Using strong law of large numbers to prove transience

law-of-large-numbersmarkov chainspoisson processprobabilityprobability theory

I'm trying to work my way through a problem which defines $N_t$ as a Poisson process of rate $\lambda$ and $
X_n = N_n − n,\quad\text{for }\; n = 0, 1, 2, \ldots
$

I've explained why $X_n$ is a Markov chain and I've found the transition probabilities to be

$$
P(X_{n+1} = k+i \mid X_n = k) = e^{-\lambda}\frac{\lambda^{i+1}}{(i+1)!}
$$

for $i \geq0$,
$$
P(X_{n+1} = k-i \mid X_n = k) = e^{-\lambda}
$$

for $i = 1$, and $0$ otherwise.

Now I'm supposed to use the strong law of large numbers to show that the train is transient if $\lambda \neq 1$. The strong law relies on each random variable in the sum being i.i.d, and I really have no idea how to approach this.
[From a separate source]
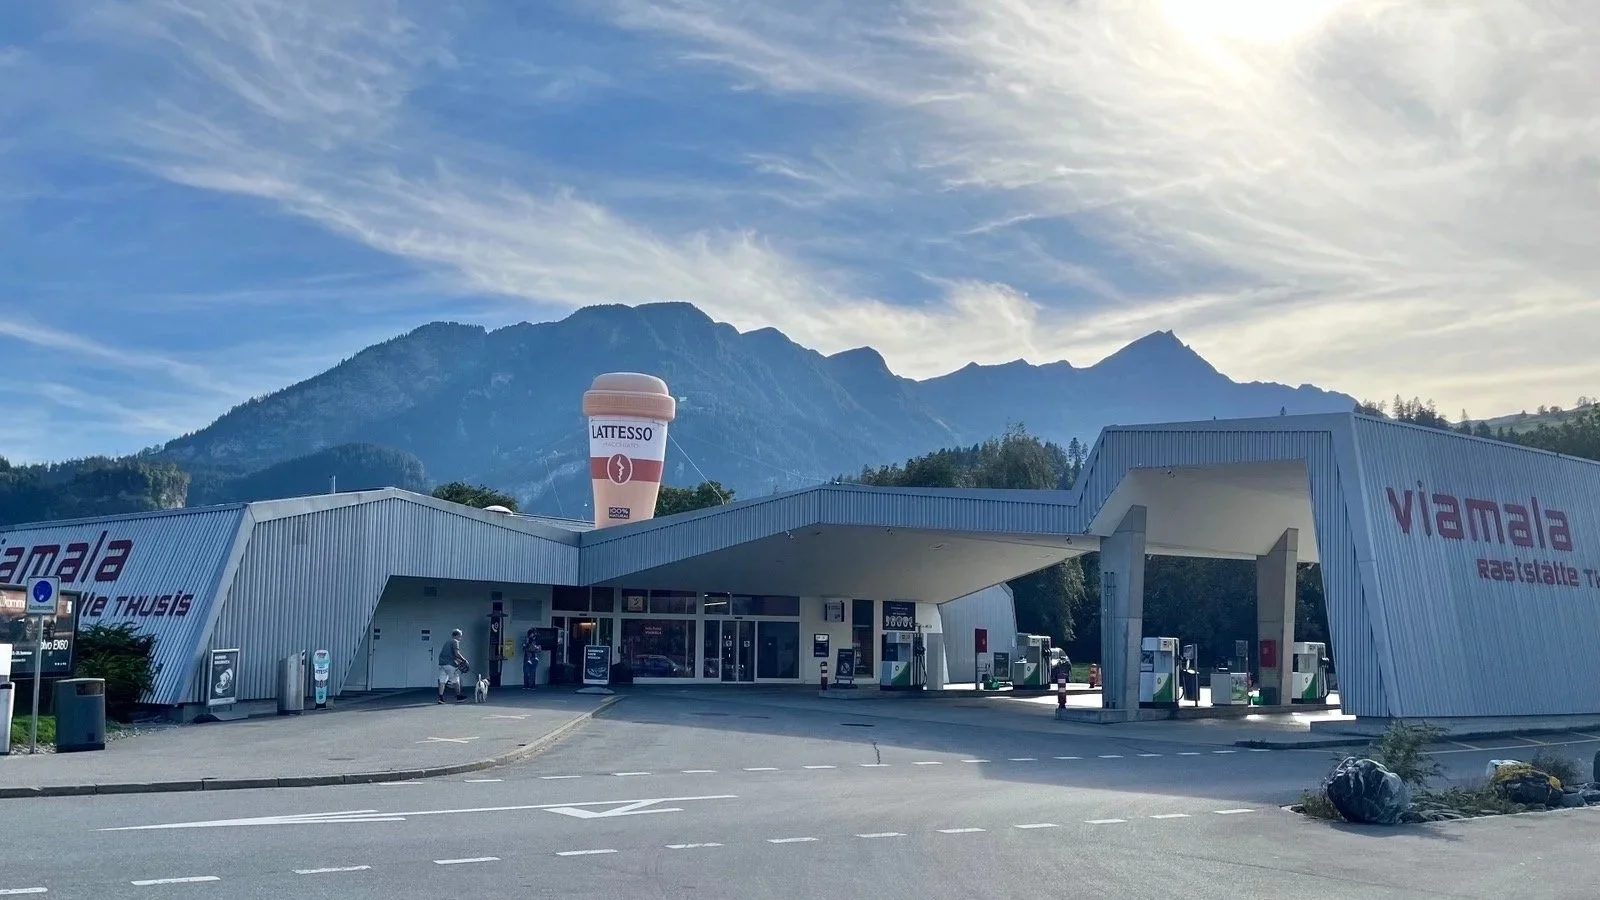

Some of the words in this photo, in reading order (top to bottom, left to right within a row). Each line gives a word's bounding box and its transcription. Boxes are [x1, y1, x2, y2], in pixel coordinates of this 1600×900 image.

[592, 425, 652, 441] LATTESSO
[1386, 480, 1573, 552] viamala
[0, 531, 134, 583] amala
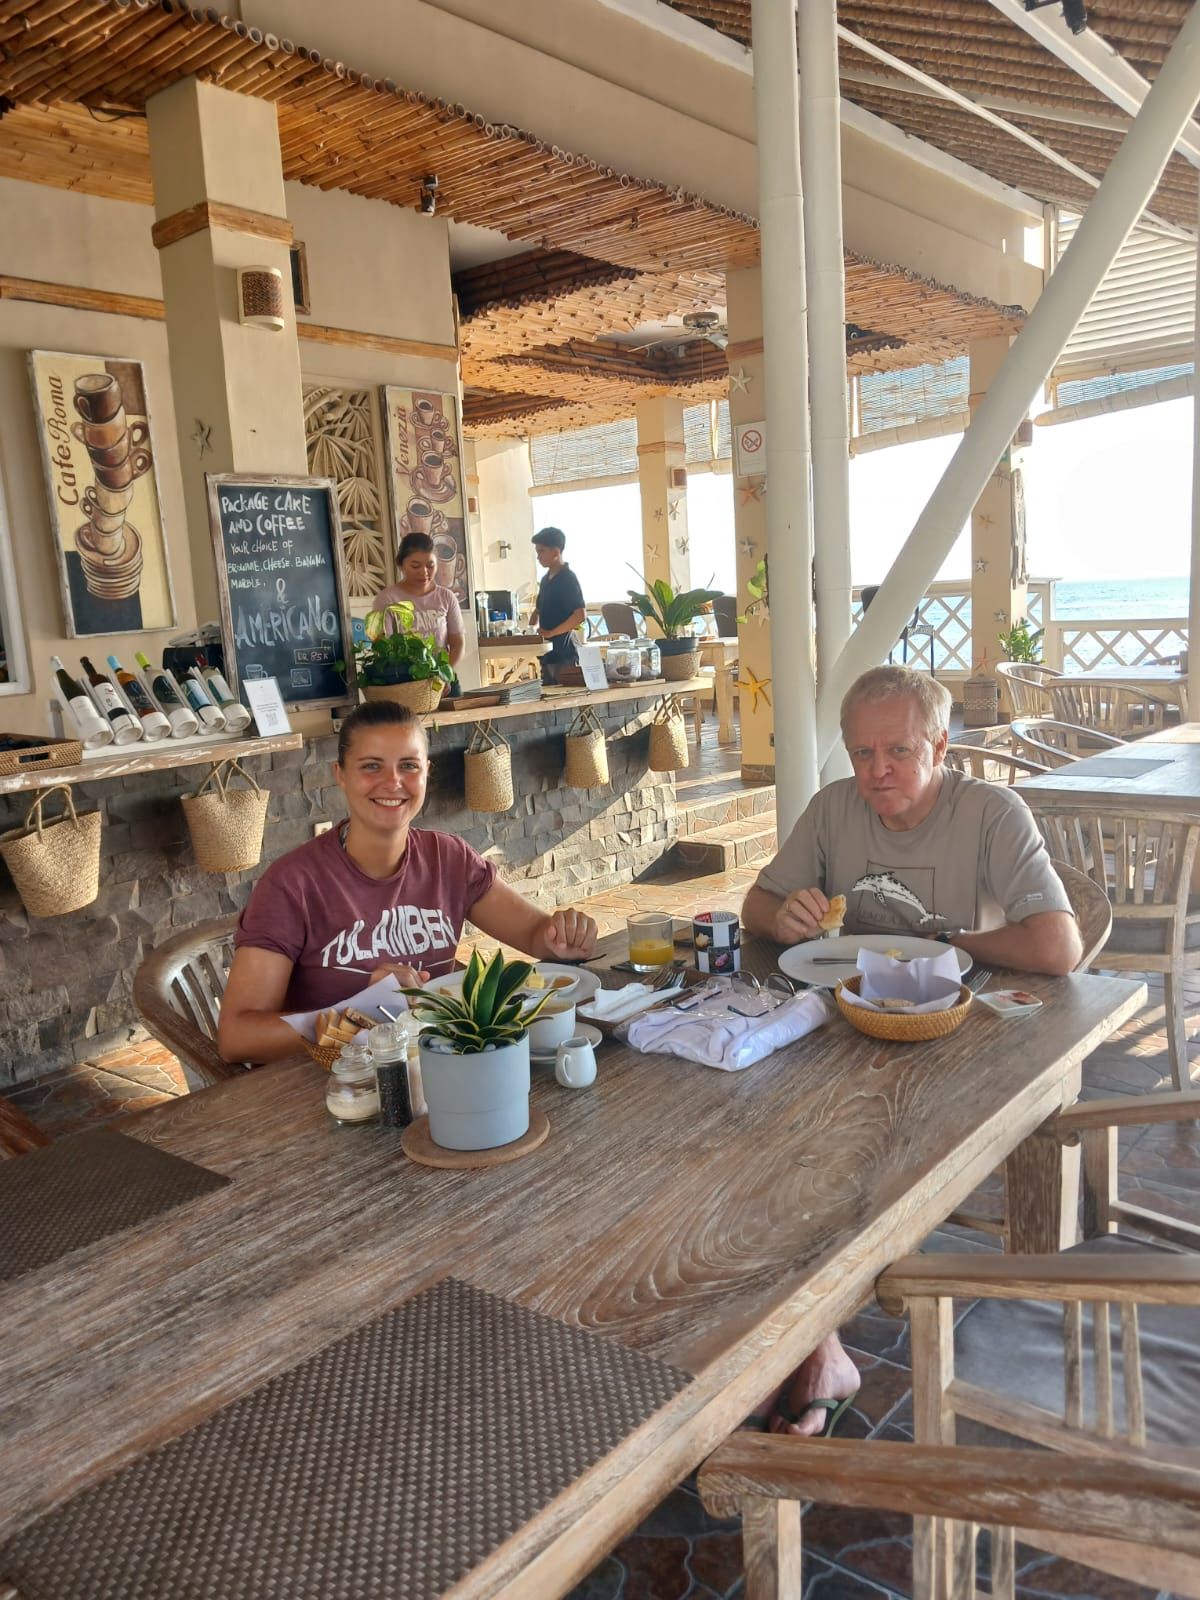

Any help you could offer would be much appreciated.

Best Answer

Hint:

  1. Clearly, $$X_n = N_n-n = \sum_{j=1}^n \underbrace{(N_j-N_{j-1}-1)}_{=:\xi_j}$$ Since the Poisson process $(N_t)_{t \geq 0}$ has independent and stationary increments, the random variables $\xi_j$, $j \geq 1$, are independent and identically distributed. Show that $$\mathbb{E}(\xi_1) = \lambda-1.$$
  2. By step 1 and the strong law of large numbers, we get $$\lim_{n \to \infty} \frac{X_n}{n} = \mathbb{E}(\xi_1)=\lambda-1 \quad \text{a.s.}$$
  3. Deduce that $\lim_{n \to \infty} X_n = \infty$ if $\lambda>1$, and $\lim_{n \to \infty} X_n = -\infty$ almost surely if $\lambda<1$.